Pangolins have recently attracted global attention for their potential role in the COVID-19 pandemic. The source of the virus remains unclear, but scientists suspect it originated in bats and was passed to people via an intermediate host that may have been the pangolin. These solitary, insect-eating mammals are poached for their scales and meat. In fact, they are the most trafficked mammals in the world, which is why researchers have developed a set of DNA tools to help track and mitigate the trade.
Pangolins are found in Africa and Asia. They are hunted for their scales, which are used in many traditional medicines; and for their meat, which is eaten as a delicacy in parts of Asia and sold at bushmeat markets in Africa. Of the eight pangolin species that exist, three are listed by the International Union for Conservation of Nature (IUCN) as critically endangered. The rest are categorised as either endangered or vulnerable.
To trace the trafficking networks, Philippe Gaubert, at the French National Research Institute for Sustainable Development in Toulouse, France, is leading a 5-year project that aims to apply genomics to help identify and track the origins of illegally traded pangolins. “We are trying to design tools that can be used by institutions, scientists, and NGOs” to help trace and mitigate the trade, Gaubert says. These DNA-based tools should help answer three key questions about pangolin scales and body parts seized by authorities: the number of animals that contributed to the seized materials, which species are present, and where they come from, reports The Scientist.

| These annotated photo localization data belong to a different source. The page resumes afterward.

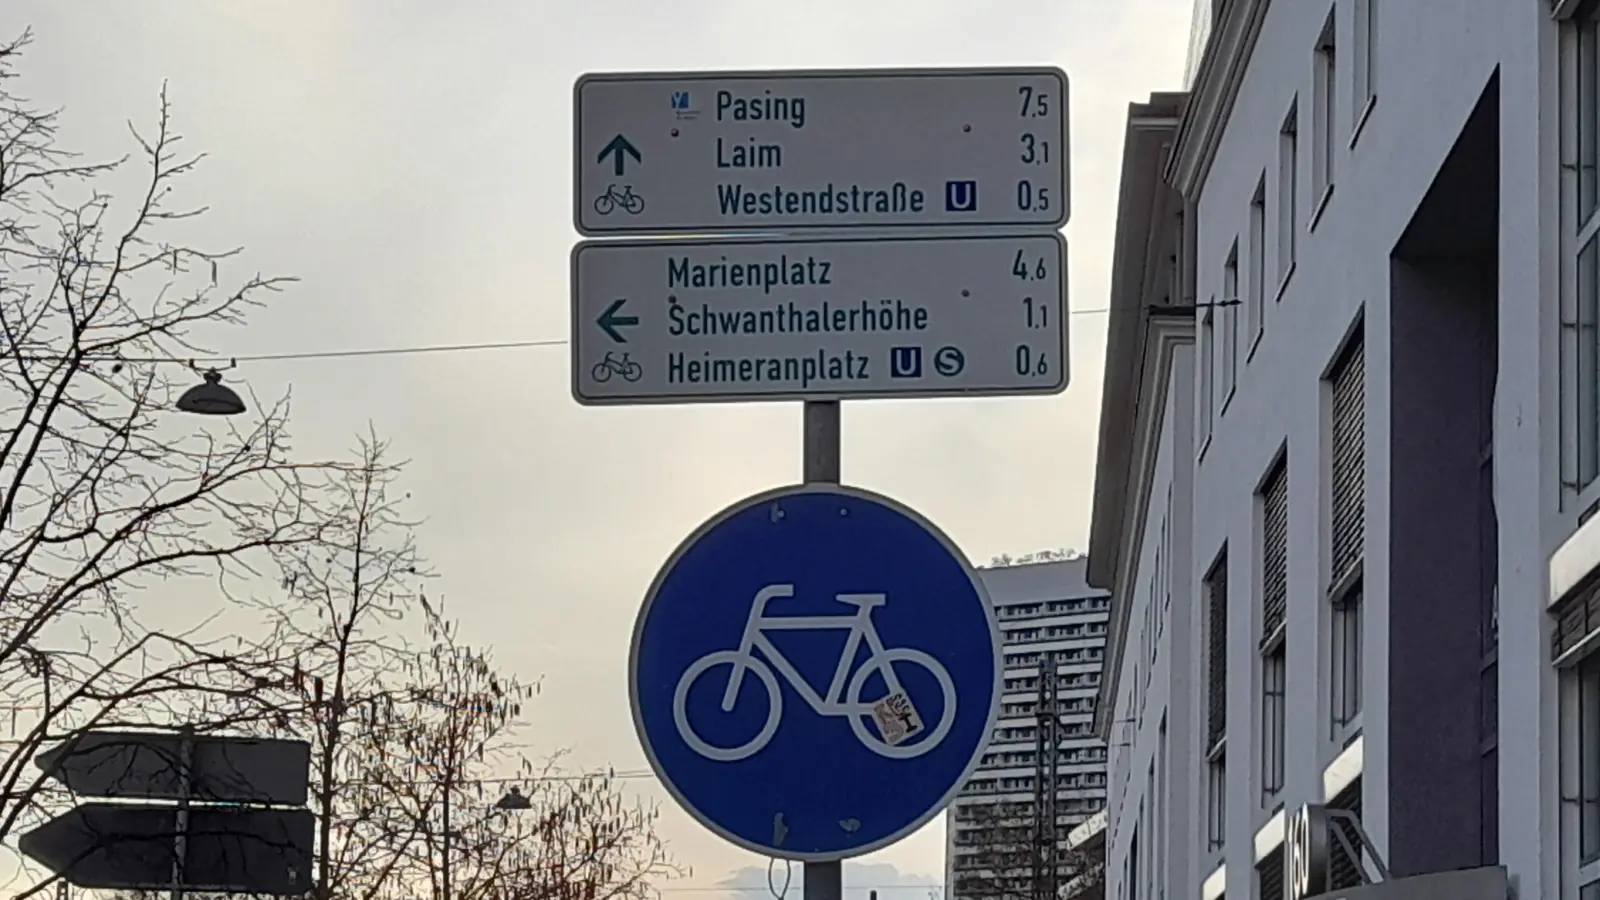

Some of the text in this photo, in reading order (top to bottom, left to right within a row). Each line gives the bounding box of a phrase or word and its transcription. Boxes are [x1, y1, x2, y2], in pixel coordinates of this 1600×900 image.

[716, 90, 805, 128] Pasing
[716, 137, 781, 168] Laim
[717, 181, 924, 215] Westendstraße
[948, 182, 974, 210] U
[668, 254, 832, 294] Marienplatz
[668, 300, 928, 336] Schwanthalerhöhe
[668, 348, 870, 388] Heimeranplatz
[893, 347, 920, 377] U
[936, 347, 963, 376] S
[1288, 801, 1309, 900] 160

In Africa, Gaubert’s team is focusing on the white-bellied pangolin, a small, tree-dwelling species that’s listed as endangered by the IUCN. In 2016, Gaubert and his colleagues identified unique genetic signatures using mitochondrial DNA for six lineages of white-bellied pangolins from six different regions in Africa. While the genetic markers the team used to trace the origins of the pangolins were reliable, one of the limitations is that they are only able to identify the broad region where the animals are from. To pinpoint the source at a country- or population-level, higher-resolution markers are needed.
Gaubert’s team is now working on tools that use more specific identifying markers. The team is also working on developing genomic tools based on single nucleotide polymorphisms (SNPs).
Meanwhile, the illegal pangolin trade rages on. There have been some signs of it slowing due to COVID-19. The global lockdown has kept poachers at home and the pangolins’ possible link to coronavirus is causing fear that consuming them may be harmful. But that slowdown probably won’t be long-lived; the trade is slowly picking back up, says Gaubert.